This file enables you to use Gradle to configure and manage your data hub instance. See the Gradle documentation.

gradle.properties

This properties file defines variables needed by the data hub to install and run properly. Use this file to store values that apply to all instances of your data hub.

gradle-env.properties

Data Hub determines your project's various environments (e.g.: dev, qa, prod, local) based on the existence of override files in your hub project. To create a new environment, simply create a new override file with the environment name after the dash. For example, the gradle-local.properties file contains settings that override the variables in gradle.properties for your local environment.

gradlew

The Unix/Linux executable file that runs the Gradle wrapper in the gradle directory.

gradlew.bat

The Windows executable file that runs the Gradle wrapper in the gradle directory.

entities

This directory contains your entity definitions. An entity is a domain object like Employee or SalesOrder.
Note: The entities directory is reserved for Data Hub use and is treated as a special case by the deploy process.

flows

This directory contains your flow definitions. A flow is comprised of a set of steps that process your data from ingestion to mapping to mastering.

gradle

This directory contains the Gradle wrapper, which is a custom local version of Gradle, so Gradle doesn't have to be installed separately. The Gradle wrapper is installed when you initialize a new Data Hub project.

mappings

This directory contains model-to-model mapping configuration artifacts. For details, see About Mapping.

src/main/entity-config

This directory contains two options files and two database configuration files for staging and for final. These files can be modified to configure indexes.

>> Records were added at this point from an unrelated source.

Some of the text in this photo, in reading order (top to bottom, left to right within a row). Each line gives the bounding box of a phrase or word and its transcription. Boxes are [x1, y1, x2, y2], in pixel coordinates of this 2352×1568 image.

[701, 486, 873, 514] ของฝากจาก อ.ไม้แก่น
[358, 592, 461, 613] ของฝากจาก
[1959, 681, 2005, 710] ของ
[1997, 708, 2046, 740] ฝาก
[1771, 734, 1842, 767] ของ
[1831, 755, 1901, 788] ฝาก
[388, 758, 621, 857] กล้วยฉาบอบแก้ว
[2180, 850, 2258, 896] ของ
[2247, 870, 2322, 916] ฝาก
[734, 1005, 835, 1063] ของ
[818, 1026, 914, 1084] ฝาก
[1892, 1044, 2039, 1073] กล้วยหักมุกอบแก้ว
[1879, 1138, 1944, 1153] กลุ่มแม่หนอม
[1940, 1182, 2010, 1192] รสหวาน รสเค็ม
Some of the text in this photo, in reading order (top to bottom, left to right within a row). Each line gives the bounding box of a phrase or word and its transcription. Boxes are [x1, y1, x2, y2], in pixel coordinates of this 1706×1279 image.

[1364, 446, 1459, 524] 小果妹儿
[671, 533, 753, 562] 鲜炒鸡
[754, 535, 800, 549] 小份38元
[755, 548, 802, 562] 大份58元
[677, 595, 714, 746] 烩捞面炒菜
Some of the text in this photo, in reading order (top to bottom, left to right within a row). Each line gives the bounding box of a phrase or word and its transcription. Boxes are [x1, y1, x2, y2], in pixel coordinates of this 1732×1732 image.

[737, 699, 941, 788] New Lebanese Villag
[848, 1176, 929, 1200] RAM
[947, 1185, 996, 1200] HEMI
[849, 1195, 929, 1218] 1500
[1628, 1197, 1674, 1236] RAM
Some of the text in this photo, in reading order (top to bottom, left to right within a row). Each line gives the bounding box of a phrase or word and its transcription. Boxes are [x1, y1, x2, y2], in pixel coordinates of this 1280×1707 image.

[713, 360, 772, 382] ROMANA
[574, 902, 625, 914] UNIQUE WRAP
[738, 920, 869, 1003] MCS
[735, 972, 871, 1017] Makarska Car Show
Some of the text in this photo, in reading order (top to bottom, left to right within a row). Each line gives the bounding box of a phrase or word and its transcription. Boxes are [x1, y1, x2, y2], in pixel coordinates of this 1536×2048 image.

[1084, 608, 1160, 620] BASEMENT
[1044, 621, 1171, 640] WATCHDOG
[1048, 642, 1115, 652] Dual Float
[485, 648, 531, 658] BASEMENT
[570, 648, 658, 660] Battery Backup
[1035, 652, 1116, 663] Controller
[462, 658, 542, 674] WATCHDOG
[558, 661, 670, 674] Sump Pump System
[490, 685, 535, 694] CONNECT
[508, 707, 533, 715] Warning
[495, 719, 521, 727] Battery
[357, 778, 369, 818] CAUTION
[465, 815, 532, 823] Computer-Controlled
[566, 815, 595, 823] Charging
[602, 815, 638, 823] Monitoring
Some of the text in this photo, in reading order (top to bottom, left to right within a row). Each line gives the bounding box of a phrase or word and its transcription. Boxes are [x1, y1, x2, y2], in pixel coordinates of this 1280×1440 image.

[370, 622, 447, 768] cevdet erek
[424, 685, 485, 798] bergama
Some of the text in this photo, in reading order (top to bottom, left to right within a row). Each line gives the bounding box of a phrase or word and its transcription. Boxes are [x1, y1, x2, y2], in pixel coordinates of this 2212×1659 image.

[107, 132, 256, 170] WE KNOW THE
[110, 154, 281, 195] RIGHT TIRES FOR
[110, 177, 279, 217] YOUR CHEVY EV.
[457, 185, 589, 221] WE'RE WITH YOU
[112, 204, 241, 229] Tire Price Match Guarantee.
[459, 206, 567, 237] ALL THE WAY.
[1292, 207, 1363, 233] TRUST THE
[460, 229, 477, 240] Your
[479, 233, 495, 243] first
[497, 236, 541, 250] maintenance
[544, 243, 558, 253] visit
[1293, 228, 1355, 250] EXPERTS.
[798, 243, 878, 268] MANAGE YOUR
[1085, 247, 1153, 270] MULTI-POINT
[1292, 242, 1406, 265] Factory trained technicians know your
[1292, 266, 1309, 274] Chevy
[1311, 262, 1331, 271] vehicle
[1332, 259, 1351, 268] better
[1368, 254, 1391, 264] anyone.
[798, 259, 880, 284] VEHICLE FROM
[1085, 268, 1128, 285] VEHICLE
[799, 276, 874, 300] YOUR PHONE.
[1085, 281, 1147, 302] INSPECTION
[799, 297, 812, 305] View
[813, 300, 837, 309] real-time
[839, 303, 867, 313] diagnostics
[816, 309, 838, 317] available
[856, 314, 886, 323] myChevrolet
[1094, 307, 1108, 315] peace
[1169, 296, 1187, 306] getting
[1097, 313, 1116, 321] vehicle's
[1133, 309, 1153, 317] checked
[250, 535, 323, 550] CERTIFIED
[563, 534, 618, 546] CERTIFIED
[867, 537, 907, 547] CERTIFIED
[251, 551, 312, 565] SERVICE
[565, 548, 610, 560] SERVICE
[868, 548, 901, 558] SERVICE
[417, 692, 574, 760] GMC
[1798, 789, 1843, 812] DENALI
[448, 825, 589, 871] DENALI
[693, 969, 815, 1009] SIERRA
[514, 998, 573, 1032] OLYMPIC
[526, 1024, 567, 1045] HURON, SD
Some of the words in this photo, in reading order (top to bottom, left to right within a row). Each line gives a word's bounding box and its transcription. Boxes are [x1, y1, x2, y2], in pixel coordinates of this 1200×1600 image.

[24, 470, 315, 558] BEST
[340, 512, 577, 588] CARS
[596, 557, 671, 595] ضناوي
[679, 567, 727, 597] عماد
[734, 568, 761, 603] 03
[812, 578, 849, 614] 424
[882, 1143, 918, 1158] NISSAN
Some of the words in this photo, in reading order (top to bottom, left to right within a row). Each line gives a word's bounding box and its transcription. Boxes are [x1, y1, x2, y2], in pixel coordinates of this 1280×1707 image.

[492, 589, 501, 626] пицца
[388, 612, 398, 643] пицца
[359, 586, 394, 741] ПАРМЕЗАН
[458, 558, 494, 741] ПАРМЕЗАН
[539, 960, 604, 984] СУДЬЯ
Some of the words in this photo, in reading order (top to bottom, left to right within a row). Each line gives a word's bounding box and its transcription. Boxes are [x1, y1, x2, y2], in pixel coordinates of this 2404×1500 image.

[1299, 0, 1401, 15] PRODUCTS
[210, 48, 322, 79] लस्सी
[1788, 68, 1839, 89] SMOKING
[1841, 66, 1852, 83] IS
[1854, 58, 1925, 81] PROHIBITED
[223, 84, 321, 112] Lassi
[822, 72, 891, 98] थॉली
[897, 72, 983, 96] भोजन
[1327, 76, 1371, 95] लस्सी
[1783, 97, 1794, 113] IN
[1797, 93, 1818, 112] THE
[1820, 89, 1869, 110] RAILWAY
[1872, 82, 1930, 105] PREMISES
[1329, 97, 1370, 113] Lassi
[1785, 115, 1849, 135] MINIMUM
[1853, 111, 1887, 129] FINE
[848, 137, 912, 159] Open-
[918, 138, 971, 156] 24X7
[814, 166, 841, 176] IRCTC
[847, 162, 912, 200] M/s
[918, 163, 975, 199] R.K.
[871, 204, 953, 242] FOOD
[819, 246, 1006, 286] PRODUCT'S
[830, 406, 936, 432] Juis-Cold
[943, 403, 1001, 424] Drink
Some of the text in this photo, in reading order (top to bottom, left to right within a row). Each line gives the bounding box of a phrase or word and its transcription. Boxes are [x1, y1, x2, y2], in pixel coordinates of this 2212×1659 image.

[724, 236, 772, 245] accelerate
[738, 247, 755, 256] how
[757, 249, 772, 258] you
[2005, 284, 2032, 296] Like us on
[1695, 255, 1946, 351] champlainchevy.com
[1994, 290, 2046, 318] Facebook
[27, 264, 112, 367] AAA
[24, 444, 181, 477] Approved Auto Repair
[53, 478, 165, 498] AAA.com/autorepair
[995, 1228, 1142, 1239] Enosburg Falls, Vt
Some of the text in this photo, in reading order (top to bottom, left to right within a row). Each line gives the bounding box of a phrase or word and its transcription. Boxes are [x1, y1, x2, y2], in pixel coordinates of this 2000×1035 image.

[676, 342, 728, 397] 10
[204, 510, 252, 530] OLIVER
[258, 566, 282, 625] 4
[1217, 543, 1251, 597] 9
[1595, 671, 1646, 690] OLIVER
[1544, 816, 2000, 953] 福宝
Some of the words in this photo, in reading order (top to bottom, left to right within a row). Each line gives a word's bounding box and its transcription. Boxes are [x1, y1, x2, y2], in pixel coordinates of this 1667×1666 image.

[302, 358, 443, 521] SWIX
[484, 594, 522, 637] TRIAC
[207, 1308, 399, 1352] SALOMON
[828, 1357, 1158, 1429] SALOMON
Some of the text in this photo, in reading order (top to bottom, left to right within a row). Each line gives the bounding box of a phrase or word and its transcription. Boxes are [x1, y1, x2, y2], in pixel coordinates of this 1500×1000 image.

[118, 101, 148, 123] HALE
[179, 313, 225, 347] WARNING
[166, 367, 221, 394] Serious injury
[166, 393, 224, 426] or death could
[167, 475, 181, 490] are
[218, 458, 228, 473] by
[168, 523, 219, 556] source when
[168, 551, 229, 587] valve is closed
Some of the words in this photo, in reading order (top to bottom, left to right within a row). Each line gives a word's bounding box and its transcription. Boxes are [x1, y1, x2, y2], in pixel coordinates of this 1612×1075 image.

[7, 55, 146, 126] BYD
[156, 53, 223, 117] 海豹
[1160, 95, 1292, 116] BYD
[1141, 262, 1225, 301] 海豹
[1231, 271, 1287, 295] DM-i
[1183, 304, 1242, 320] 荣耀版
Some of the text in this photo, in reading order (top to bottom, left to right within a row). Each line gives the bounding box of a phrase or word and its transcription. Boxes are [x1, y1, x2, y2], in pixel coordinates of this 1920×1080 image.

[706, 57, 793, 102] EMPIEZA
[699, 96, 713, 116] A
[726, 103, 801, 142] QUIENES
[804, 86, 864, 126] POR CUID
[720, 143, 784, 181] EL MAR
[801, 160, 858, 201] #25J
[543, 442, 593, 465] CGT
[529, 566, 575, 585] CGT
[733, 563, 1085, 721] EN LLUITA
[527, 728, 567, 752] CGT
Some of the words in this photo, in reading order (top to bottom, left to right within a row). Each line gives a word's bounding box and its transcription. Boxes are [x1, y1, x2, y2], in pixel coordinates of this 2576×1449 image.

src/main/hub-internal-config

This directory contains subdirectories and JSON files that represent the minimum configuration necessary for Data Hub to function.

hub-internal-config contains configuration files for the internal servers and databases, such as the STAGING and JOB servers and databases. ml-config contains similar files for the FINAL server and database.

Important: Do NOT edit anything in this directory. If you need to override a configuration in this directory, create a file with the same name and directory structure under the ml-config directory and add any properties you'd like to override.

Each of the above JSON files conforms to the MarkLogic REST API for creating the following:

src/main/hub-internal-config/databases

This directory contains the configurations for internal databases, such as the STAGING-* databases and the JOB database.

src/main/hub-internal-config/security

This directory contains your security configuration files for your STAGING server, including amps, privileges, roles, and users.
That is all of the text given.